This fear score is higher than the cut off value that is 16.5 in both groups (Table 2).

  Male Females
Fear of Covid-19
Mean ± SD 17.79 ± 4.82 18.73 ± 5.56
T-Score -1.247
P Value 0.214
General Anxiety Disorder
Mean ± SD 3.72 ± 4.61 3.97 ± 4.01
T-Score -0.38
P Value 0.704

Table 2: Difference of fear and anxiety among males and females

As per FCV-19s, we found no significant difference between male and female doctors [t = -1.247, P=0.214]. The mean fear score of male and female doctors was reported 17.79 ± 4.827 and 18.73 ± 5.562, respectively.

As per ANOVA, we find a significant difference of fear in doctors with varied experience levels (F=2.825, P=0.040).

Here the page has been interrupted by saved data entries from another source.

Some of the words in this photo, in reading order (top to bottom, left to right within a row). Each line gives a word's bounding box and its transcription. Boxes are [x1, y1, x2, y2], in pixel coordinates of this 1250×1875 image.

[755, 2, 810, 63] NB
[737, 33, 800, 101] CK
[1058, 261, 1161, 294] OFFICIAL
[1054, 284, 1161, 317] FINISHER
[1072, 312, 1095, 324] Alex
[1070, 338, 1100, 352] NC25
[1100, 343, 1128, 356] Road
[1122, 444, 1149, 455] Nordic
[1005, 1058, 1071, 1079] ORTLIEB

The doctors with experience levels of 11 years to 15 years reported a mean FCV-19S score of 20.21 ±4.886, and doctors with 1-10 years of experience showed a mean score of 17.00 ± 3.491. Furthermore, we found no significant difference in GAD-7 scores among doctors with different experience levels (F=0.099, P=0.960) (Table3).

  Fear Of Covid-19 Generalized Anxiety
Experience N Mean ± SD F- Score , P value Mean ± SD F- Score , P value
1-10 Years 22 17.00 ± 3.491 2.825, 0.040 3.90 ± 3.963 0.099, 0.960
11-15 Years 28 20.21 ± 4.886   4.00 ± 4.586
15-20 Years 42 18.85 ± 5.116   4.09 ± 3.518
21 Years + 112 17.51 ± 5.260   3.69 ± 4.771
Total 204 18.10 ± 5.090   3.84 ± 4.404

Table 3: Difference of fear and anxiety among doctors of different experience levels

No significant difference in fear and anxiety has been observed among the previously infected doctors (P>0.05). However, we found more fear among the SARSCoV- 2 infected doctors (Table 4).

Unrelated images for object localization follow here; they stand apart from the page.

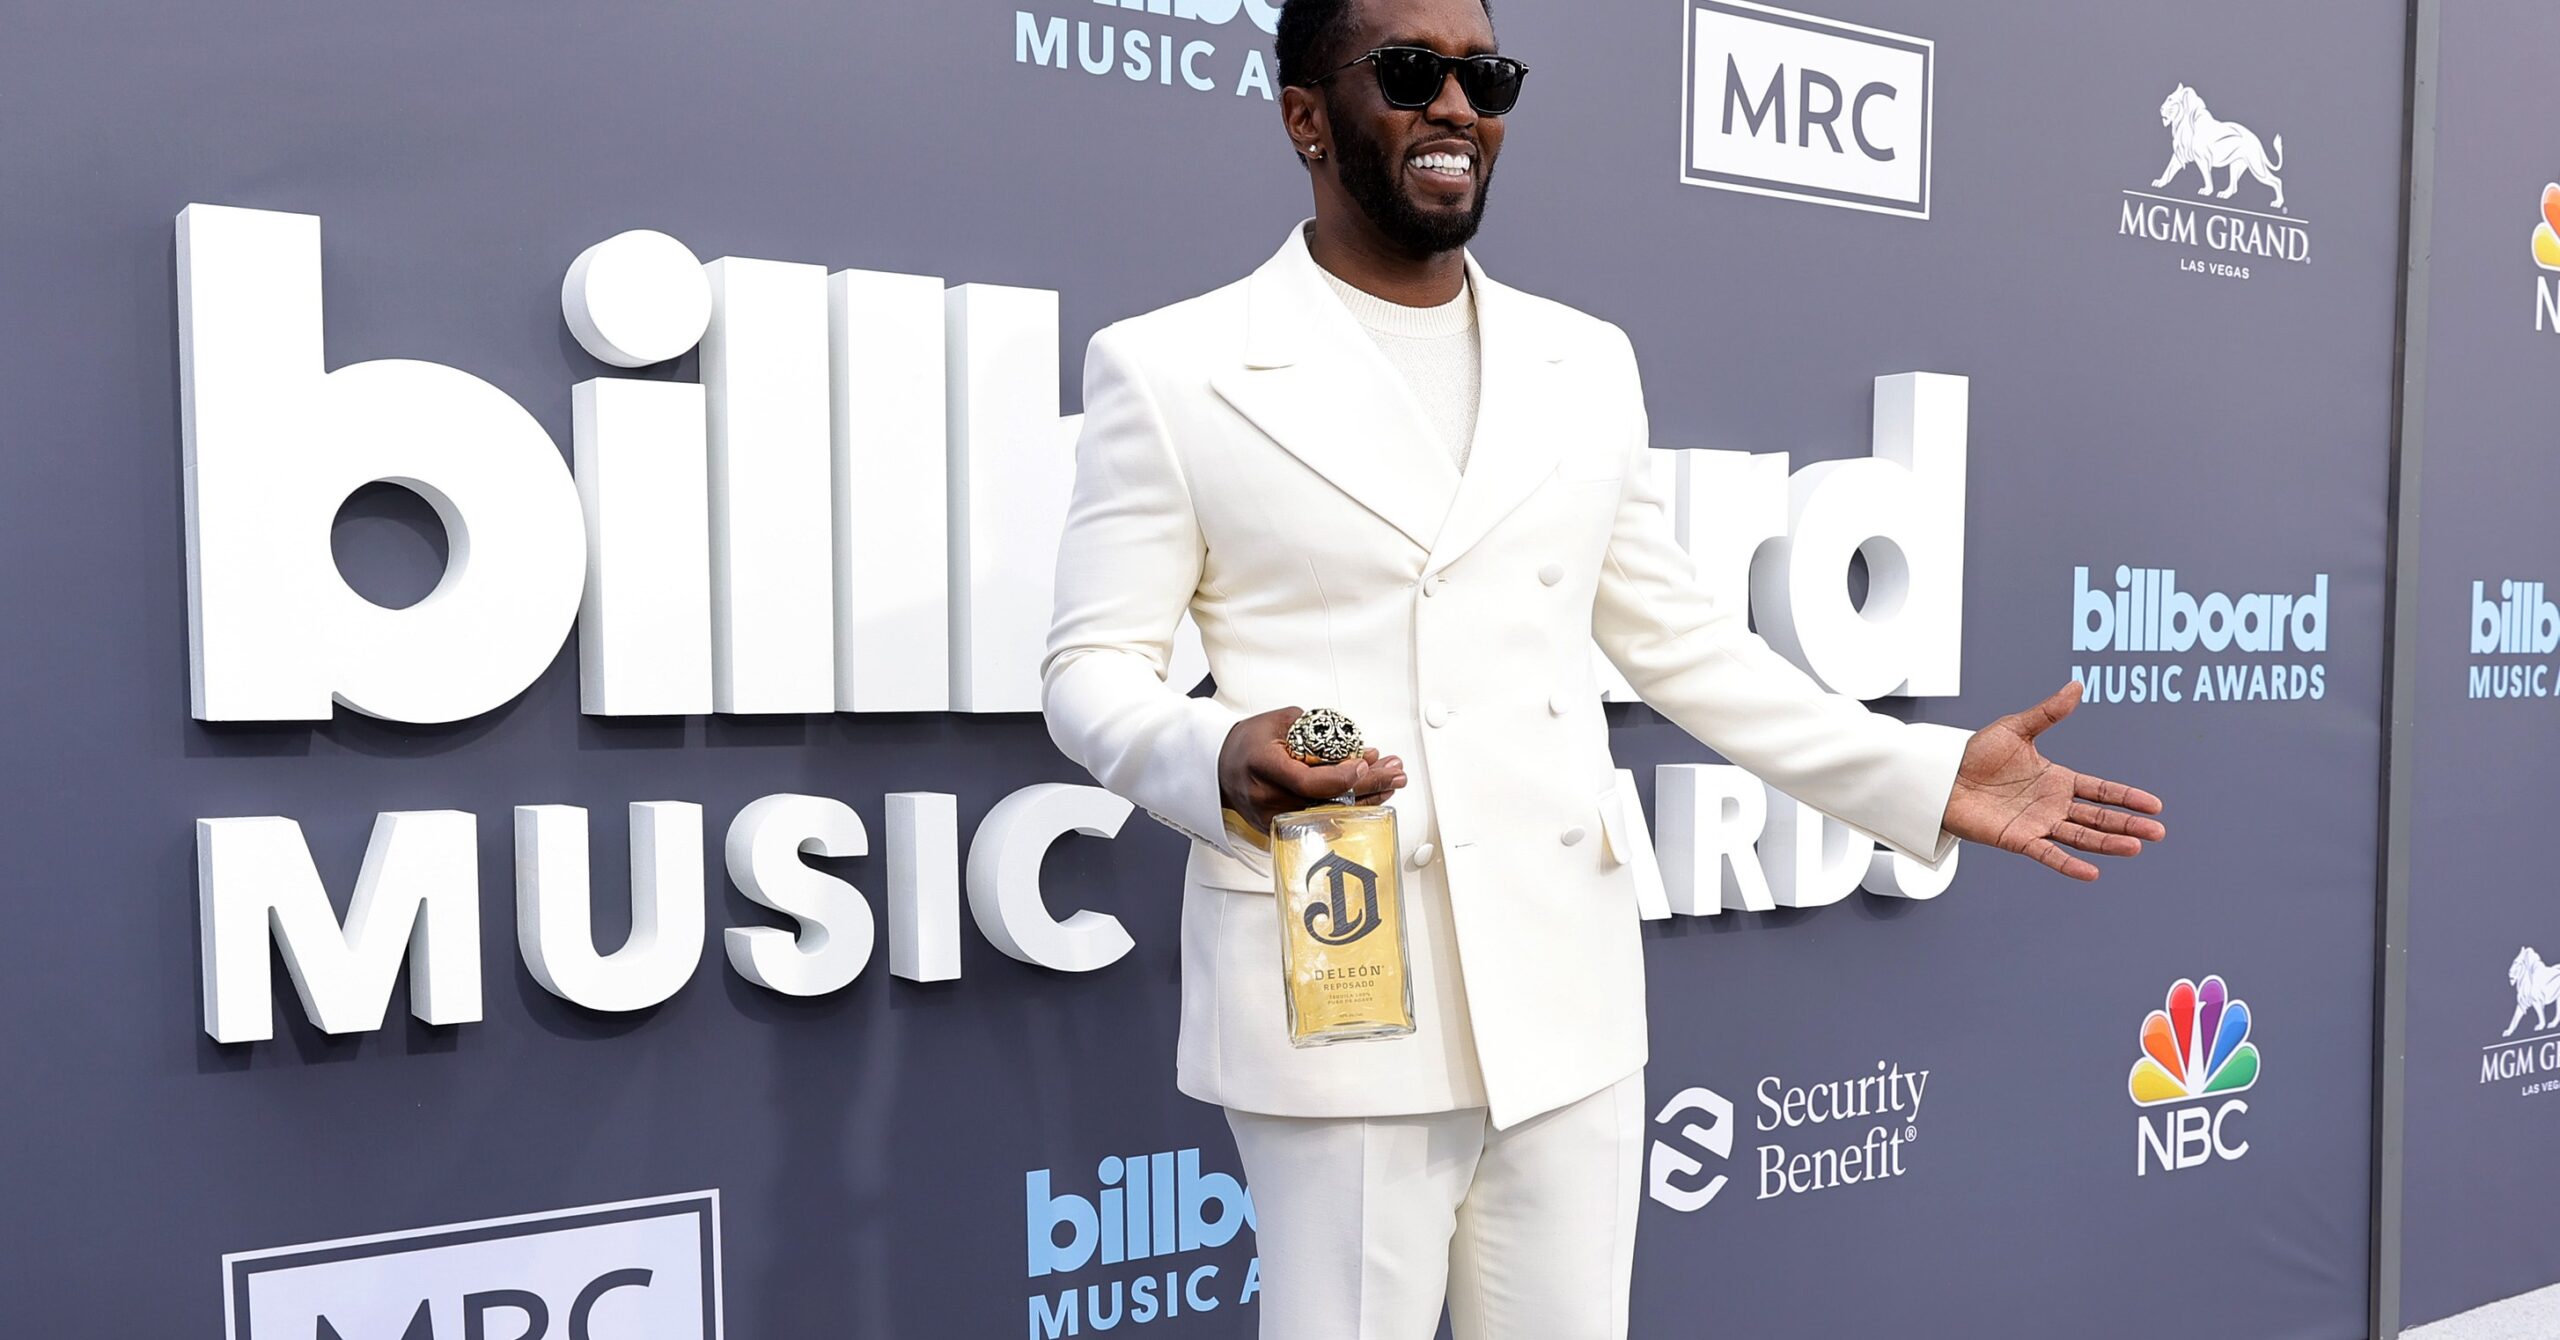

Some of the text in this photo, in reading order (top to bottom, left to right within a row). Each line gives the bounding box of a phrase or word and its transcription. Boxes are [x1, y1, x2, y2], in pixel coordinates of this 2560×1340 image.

[1015, 10, 1216, 92] MUSIC
[1721, 52, 1897, 162] MRC
[2119, 199, 2310, 262] MGM GRAND
[2180, 258, 2250, 280] LAS VEGAS
[2072, 564, 2329, 652] billboard
[2470, 578, 2560, 654] billb
[2071, 664, 2326, 703] MUSIC AWARDS
[2469, 664, 2548, 698] MUSIC
[196, 783, 1137, 1044] MUSIC
[1323, 980, 1375, 991] REPOSADO
[1756, 1060, 1930, 1123] Security
[2480, 1045, 2535, 1084] MGM
[2522, 1079, 2560, 1097] LAS VEG
[2137, 1099, 2250, 1177] NBC
[1026, 1147, 1258, 1278] billb
[1028, 1264, 1220, 1340] MUSIC

Infected with SARS-COV-2 Fear Of Covid-19 Generalized Anxiety
  N Mean F- Score , P value Mean F- Score , P value
Yes 98 18.53 1.710, 0.183   3.75 0.169 , 0.845
No 80 18.12 4.05
May be 26 16.46 3.53
Total 204 18.1 3.84

Table 4: Difference of fear and anxiety among the SARS-COV-2 Infected and non-infected doctors

Furthermore, by executing the Pearson Correlation test, we found a significant positive correlation between fear and anxiety (r=0.454, P<0.001).

Discussion

In the current study, we have evaluated the anxiety and fear among the doctors practicing in West Bengal, India. During the COVID-19 pandemic, health-care professionals around the globe suffered from severe anxiety, stress, depression, and fear [12,13].

It is reported that during the SARS-CoV-2 outbreak, excessive workload, hostile conditions, and aggravated psychological pressure, even mental illness [14].

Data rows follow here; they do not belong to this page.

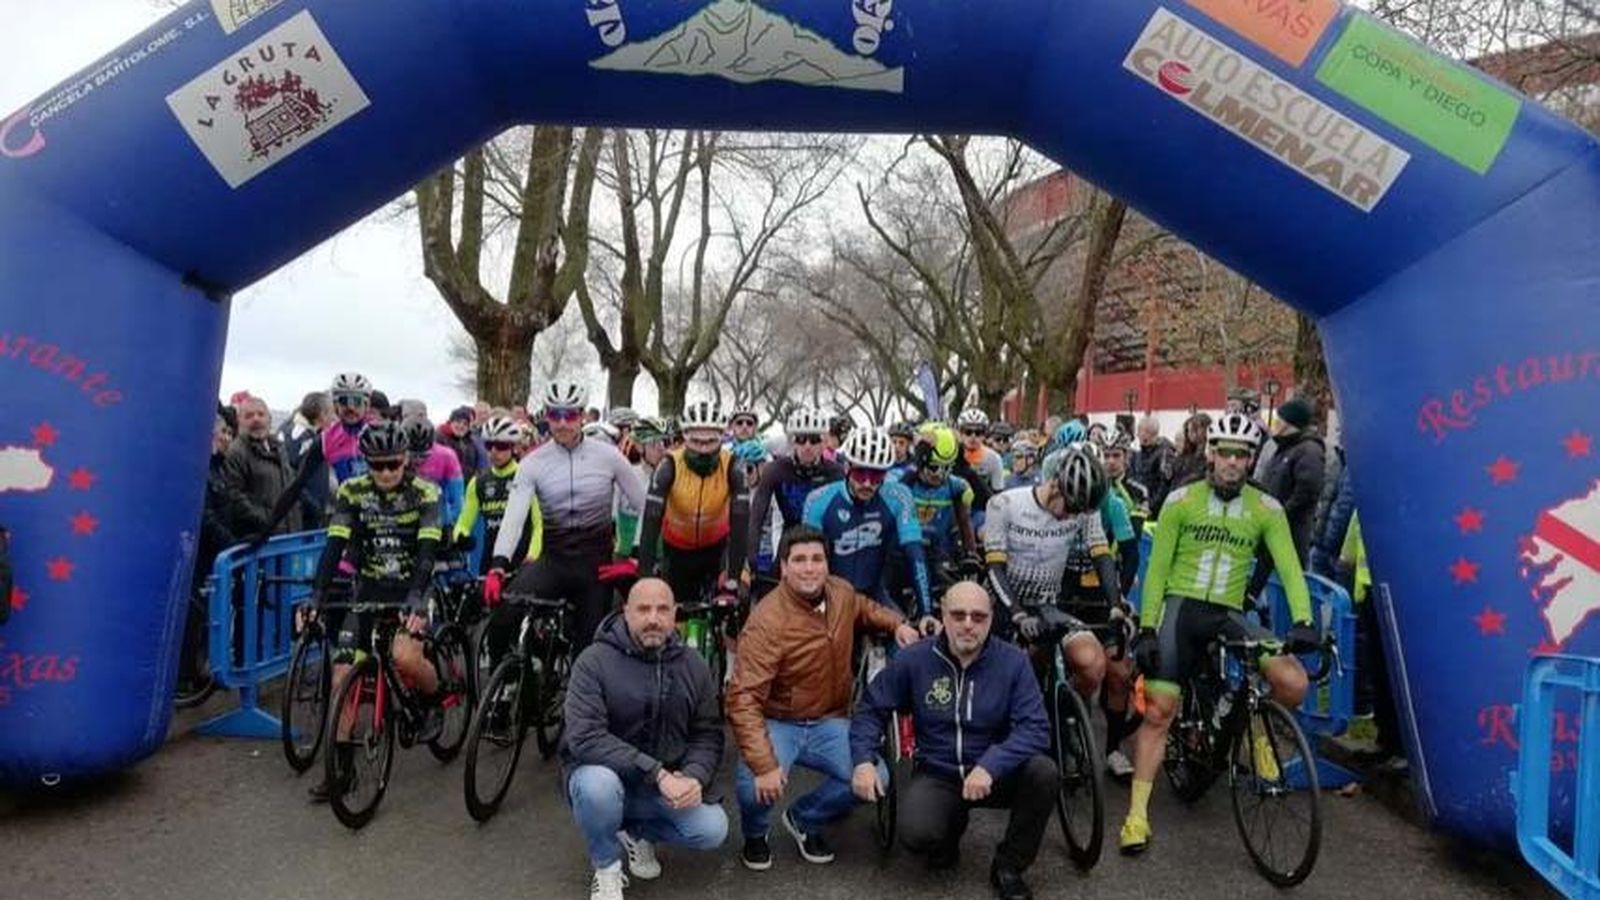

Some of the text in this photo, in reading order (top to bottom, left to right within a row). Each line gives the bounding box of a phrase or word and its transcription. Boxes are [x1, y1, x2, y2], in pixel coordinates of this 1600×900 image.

[1243, 0, 1312, 38] VAS
[198, 42, 322, 128] LA GRUTA
[1149, 18, 1391, 179] AUTO ESCUELA
[1408, 74, 1421, 90] Y
[1423, 82, 1486, 128] DIEGO
[0, 330, 123, 408] rante
[1417, 350, 1600, 442] Restaur

Doctors are always in close contact with the patient and are associated with infection prevention, infection control, disease management, isolation, take care, containment, and public health [15].

In such a situation, health-care professionals are the frontline, and they risk their as well the lives of their loved ones. Being isolated, working in high-risk positions, and having contact with infected people are common causes of stress and trauma [16].

In the current study, we found that majority of the doctors reported minimal anxiety. And only 2% of doctors reported severe anxiety. Previous studies reported higher levels of anxiety among health-care professionals [17,18].

This study is performed when the majority of the health-care professionals in India have been vaccinated. In our opinion, vaccination could be the cause of less anxiety among the doctors. A recent study also supports our observation [19].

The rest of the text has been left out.